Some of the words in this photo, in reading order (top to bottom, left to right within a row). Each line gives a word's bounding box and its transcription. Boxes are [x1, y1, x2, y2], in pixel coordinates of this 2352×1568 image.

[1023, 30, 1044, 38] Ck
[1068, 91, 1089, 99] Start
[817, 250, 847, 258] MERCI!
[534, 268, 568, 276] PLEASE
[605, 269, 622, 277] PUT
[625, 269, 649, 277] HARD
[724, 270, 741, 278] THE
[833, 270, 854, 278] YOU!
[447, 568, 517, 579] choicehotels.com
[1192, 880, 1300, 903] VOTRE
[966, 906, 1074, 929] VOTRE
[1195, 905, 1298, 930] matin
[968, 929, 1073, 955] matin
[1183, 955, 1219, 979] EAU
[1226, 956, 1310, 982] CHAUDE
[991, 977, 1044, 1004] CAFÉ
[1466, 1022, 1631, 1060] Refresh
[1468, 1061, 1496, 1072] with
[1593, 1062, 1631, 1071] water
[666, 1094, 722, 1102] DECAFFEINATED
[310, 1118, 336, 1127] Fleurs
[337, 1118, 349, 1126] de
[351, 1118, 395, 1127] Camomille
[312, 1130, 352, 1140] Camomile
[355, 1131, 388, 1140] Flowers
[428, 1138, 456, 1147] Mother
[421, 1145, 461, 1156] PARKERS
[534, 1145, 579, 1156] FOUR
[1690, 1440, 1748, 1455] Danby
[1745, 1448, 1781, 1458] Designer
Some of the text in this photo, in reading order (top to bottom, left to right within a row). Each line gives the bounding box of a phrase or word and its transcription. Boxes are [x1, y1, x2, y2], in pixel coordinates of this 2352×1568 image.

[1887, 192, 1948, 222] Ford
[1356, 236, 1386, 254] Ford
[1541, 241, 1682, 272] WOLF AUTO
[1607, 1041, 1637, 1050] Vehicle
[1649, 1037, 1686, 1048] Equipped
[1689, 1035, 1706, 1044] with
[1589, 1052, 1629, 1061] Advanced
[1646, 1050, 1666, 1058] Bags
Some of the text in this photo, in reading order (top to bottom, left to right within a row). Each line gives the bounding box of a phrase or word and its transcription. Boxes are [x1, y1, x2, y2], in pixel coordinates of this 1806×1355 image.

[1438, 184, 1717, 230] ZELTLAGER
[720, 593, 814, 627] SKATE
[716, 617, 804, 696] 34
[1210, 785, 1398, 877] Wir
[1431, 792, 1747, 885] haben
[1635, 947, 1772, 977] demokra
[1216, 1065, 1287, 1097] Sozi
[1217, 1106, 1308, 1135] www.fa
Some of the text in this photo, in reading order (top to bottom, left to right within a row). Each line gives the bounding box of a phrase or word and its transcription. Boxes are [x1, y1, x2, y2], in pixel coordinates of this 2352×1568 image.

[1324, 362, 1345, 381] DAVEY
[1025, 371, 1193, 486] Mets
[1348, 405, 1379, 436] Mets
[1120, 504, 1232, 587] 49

----------------

Work task:
Take the entries above and repeat them. Alter nothing.

Task response:
Some of the words in this photo, in reading order (top to bottom, left to right within a row). Each line gives a word's bounding box and its transcription. Boxes are [x1, y1, x2, y2], in pixel coordinates of this 2352×1568 image.

[1023, 30, 1044, 38] Ck
[1068, 91, 1089, 99] Start
[817, 250, 847, 258] MERCI!
[534, 268, 568, 276] PLEASE
[605, 269, 622, 277] PUT
[625, 269, 649, 277] HARD
[724, 270, 741, 278] THE
[833, 270, 854, 278] YOU!
[447, 568, 517, 579] choicehotels.com
[1192, 880, 1300, 903] VOTRE
[966, 906, 1074, 929] VOTRE
[1195, 905, 1298, 930] matin
[968, 929, 1073, 955] matin
[1183, 955, 1219, 979] EAU
[1226, 956, 1310, 982] CHAUDE
[991, 977, 1044, 1004] CAFÉ
[1466, 1022, 1631, 1060] Refresh
[1468, 1061, 1496, 1072] with
[1593, 1062, 1631, 1071] water
[666, 1094, 722, 1102] DECAFFEINATED
[310, 1118, 336, 1127] Fleurs
[337, 1118, 349, 1126] de
[351, 1118, 395, 1127] Camomille
[312, 1130, 352, 1140] Camomile
[355, 1131, 388, 1140] Flowers
[428, 1138, 456, 1147] Mother
[421, 1145, 461, 1156] PARKERS
[534, 1145, 579, 1156] FOUR
[1690, 1440, 1748, 1455] Danby
[1745, 1448, 1781, 1458] Designer
Some of the text in this photo, in reading order (top to bottom, left to right within a row). Each line gives the bounding box of a phrase or word and its transcription. Boxes are [x1, y1, x2, y2], in pixel coordinates of this 2352×1568 image.

[1887, 192, 1948, 222] Ford
[1356, 236, 1386, 254] Ford
[1541, 241, 1682, 272] WOLF AUTO
[1607, 1041, 1637, 1050] Vehicle
[1649, 1037, 1686, 1048] Equipped
[1689, 1035, 1706, 1044] with
[1589, 1052, 1629, 1061] Advanced
[1646, 1050, 1666, 1058] Bags
Some of the text in this photo, in reading order (top to bottom, left to right within a row). Each line gives the bounding box of a phrase or word and its transcription. Boxes are [x1, y1, x2, y2], in pixel coordinates of this 1806×1355 image.

[1438, 184, 1717, 230] ZELTLAGER
[720, 593, 814, 627] SKATE
[716, 617, 804, 696] 34
[1210, 785, 1398, 877] Wir
[1431, 792, 1747, 885] haben
[1635, 947, 1772, 977] demokra
[1216, 1065, 1287, 1097] Sozi
[1217, 1106, 1308, 1135] www.fa
Some of the text in this photo, in reading order (top to bottom, left to right within a row). Each line gives the bounding box of a phrase or word and its transcription. Boxes are [x1, y1, x2, y2], in pixel coordinates of this 2352×1568 image.

[1324, 362, 1345, 381] DAVEY
[1025, 371, 1193, 486] Mets
[1348, 405, 1379, 436] Mets
[1120, 504, 1232, 587] 49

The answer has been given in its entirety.